**Directions for this task:**
Down to the last line, retype each line of the entries exactly, starting with the one that contains "this 2212×1659 image.".

--- START ---

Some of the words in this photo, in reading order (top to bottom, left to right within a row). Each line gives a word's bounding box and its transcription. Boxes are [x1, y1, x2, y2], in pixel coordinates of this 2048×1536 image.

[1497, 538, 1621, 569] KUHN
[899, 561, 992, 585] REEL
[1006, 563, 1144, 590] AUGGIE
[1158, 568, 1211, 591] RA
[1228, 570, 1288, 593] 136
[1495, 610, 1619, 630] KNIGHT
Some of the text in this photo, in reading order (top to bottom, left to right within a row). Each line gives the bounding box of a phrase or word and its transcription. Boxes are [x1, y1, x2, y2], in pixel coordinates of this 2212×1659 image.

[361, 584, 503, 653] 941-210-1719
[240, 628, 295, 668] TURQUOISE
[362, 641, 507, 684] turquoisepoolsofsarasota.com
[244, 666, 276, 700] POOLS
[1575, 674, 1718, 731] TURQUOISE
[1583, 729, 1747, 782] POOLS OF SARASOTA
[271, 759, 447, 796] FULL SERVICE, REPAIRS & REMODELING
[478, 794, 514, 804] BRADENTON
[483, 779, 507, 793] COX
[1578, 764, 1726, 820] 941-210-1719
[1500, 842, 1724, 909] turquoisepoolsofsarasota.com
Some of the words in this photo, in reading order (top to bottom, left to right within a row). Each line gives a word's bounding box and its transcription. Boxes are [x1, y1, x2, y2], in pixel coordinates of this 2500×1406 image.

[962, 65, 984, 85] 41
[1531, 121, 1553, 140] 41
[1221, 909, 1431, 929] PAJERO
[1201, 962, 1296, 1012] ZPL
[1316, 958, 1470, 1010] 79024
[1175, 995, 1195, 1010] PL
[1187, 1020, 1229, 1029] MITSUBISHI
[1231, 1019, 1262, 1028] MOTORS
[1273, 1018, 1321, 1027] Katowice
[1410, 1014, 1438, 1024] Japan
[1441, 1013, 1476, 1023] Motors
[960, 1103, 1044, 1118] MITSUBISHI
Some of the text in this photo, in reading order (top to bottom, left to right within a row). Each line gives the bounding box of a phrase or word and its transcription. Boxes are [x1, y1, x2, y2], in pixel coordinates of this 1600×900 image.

--- END ---

**Expected output:**
Some of the text in this photo, in reading order (top to bottom, left to right within a row). Each line gives the bounding box of a phrase or word and its transcription. Boxes are [x1, y1, x2, y2], in pixel coordinates of this 2212×1659 image.

[361, 584, 503, 653] 941-210-1719
[240, 628, 295, 668] TURQUOISE
[362, 641, 507, 684] turquoisepoolsofsarasota.com
[244, 666, 276, 700] POOLS
[1575, 674, 1718, 731] TURQUOISE
[1583, 729, 1747, 782] POOLS OF SARASOTA
[271, 759, 447, 796] FULL SERVICE, REPAIRS & REMODELING
[478, 794, 514, 804] BRADENTON
[483, 779, 507, 793] COX
[1578, 764, 1726, 820] 941-210-1719
[1500, 842, 1724, 909] turquoisepoolsofsarasota.com
Some of the words in this photo, in reading order (top to bottom, left to right within a row). Each line gives a word's bounding box and its transcription. Boxes are [x1, y1, x2, y2], in pixel coordinates of this 2500×1406 image.

[962, 65, 984, 85] 41
[1531, 121, 1553, 140] 41
[1221, 909, 1431, 929] PAJERO
[1201, 962, 1296, 1012] ZPL
[1316, 958, 1470, 1010] 79024
[1175, 995, 1195, 1010] PL
[1187, 1020, 1229, 1029] MITSUBISHI
[1231, 1019, 1262, 1028] MOTORS
[1273, 1018, 1321, 1027] Katowice
[1410, 1014, 1438, 1024] Japan
[1441, 1013, 1476, 1023] Motors
[960, 1103, 1044, 1118] MITSUBISHI
Some of the text in this photo, in reading order (top to bottom, left to right within a row). Each line gives the bounding box of a phrase or word and its transcription. Boxes are [x1, y1, x2, y2], in pixel coordinates of this 1600×900 image.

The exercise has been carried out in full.